Emerging growth company ¨
If an emerging growth company, indicate by check mark if the registrant has elected not to use the extended transition period for complying with any new or revised financial accounting standards provided pursuant to Section 13(a) of the Exchange Act. ¨
Item 8.01 Other Events.
On October 6, 2017, Phillips 66 Partners LP (the “Partnership”) consummated the transactions contemplated by the Contribution, Conveyance and Assumption Agreement (the “Contribution Agreement”) entered into on September 19, 2017, with Phillips 66 Partners GP LLC (the “General Partner”), Phillips 66 Company, and Phillips 66 Project Development Inc. (“P66 PDI”). As reported by the Partnership in a Current Report on Form 8-K filed with the U.S. Securities and Exchange Commission on September 25, 2017, pursuant to the Contribution Agreement, the Partnership acquired an indirect 25 percent interest in each of Dakota Access, LLC and Energy Transfer Crude Oil Company, LLC, (collectively, “Dakota/ETCO”) and a direct 100 percent interest in Merey Sweeny, L.P. (“MSLP”) (collectively, the “Acquisition”). The total consideration for the Acquisition was approximately $1.65 billion, which included $372 million in cash; the assumption of certain liabilities under which P66 PDI was the obligor; the issuance of 4,713,113 common units representing limited partner interests in the Partnership to P66 PDI; and the issuance of 292,665 general partner units to the General Partner in order for the General Partner to maintain its 2 percent general partner interest in the Partnership.

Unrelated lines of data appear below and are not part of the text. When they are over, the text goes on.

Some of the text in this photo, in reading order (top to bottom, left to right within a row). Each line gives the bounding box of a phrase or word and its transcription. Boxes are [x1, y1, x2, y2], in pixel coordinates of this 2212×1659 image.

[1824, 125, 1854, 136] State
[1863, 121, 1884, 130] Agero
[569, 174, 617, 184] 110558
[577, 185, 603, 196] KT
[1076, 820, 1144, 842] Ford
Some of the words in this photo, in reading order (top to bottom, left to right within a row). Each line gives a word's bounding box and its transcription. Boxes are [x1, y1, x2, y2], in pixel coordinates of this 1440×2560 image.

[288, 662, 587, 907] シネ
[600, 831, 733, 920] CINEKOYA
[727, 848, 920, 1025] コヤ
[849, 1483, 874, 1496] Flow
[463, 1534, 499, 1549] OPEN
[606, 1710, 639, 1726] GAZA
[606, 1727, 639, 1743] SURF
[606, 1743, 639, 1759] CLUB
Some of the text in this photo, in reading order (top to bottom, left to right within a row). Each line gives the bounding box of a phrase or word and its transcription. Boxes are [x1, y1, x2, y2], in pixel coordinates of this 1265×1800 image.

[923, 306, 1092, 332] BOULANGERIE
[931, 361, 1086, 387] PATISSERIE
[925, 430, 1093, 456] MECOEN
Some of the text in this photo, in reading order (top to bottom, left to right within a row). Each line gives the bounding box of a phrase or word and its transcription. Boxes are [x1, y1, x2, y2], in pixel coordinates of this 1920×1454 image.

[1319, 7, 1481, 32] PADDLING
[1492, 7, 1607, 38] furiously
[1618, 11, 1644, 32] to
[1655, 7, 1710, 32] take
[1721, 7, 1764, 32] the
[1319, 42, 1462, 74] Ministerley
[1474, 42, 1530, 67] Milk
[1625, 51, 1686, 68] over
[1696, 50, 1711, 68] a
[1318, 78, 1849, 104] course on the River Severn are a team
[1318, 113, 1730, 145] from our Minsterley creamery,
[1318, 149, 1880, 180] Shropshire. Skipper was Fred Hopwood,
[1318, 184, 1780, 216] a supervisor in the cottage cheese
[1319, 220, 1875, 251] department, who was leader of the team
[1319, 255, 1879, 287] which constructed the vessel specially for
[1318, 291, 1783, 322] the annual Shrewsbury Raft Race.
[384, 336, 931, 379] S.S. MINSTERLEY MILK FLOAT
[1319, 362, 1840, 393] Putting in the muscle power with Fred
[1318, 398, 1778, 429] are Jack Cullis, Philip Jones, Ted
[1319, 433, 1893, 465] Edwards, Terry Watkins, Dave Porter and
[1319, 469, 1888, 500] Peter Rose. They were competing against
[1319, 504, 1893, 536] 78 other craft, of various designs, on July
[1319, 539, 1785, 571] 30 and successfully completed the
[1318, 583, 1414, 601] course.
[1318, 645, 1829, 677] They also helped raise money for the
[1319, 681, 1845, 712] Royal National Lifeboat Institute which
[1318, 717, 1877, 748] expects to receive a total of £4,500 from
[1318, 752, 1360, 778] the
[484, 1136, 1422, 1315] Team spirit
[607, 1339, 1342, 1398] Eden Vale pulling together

The Acquisition was deemed to be between entities under common control which, under applicable accounting guidelines, requires the assets and liabilities to be transferred at historical cost, with prior periods retroactively adjusted to furnish comparative information. Because the Partnership has not yet filed post-combination results, we are providing supplemental financial statements and related notes to combine the results of operations and financial position of the acquired assets with the Partnership’s results of operations and financial position for the period from February 1, 2017, through September 30, 2017. For periods prior to February 1, 2017, both the Dakota/ETCO and MSLP investments were accounted for under the equity method of accounting by Phillips 66, and therefore are not subject to retrospective adjustment.
Accordingly, included herein as Exhibit 99.2 are the unaudited supplemental financial statements of the combined entities of the acquired assets and the Partnership as of September 30, 2017, and December 31, 2016, and for the nine months ended September 30, 2017 and 2016. Also included herein as Exhibit 99.1 is Management’s Discussion and Analysis of Financial Condition and Results of Operations, which relates to the supplemental financial statements.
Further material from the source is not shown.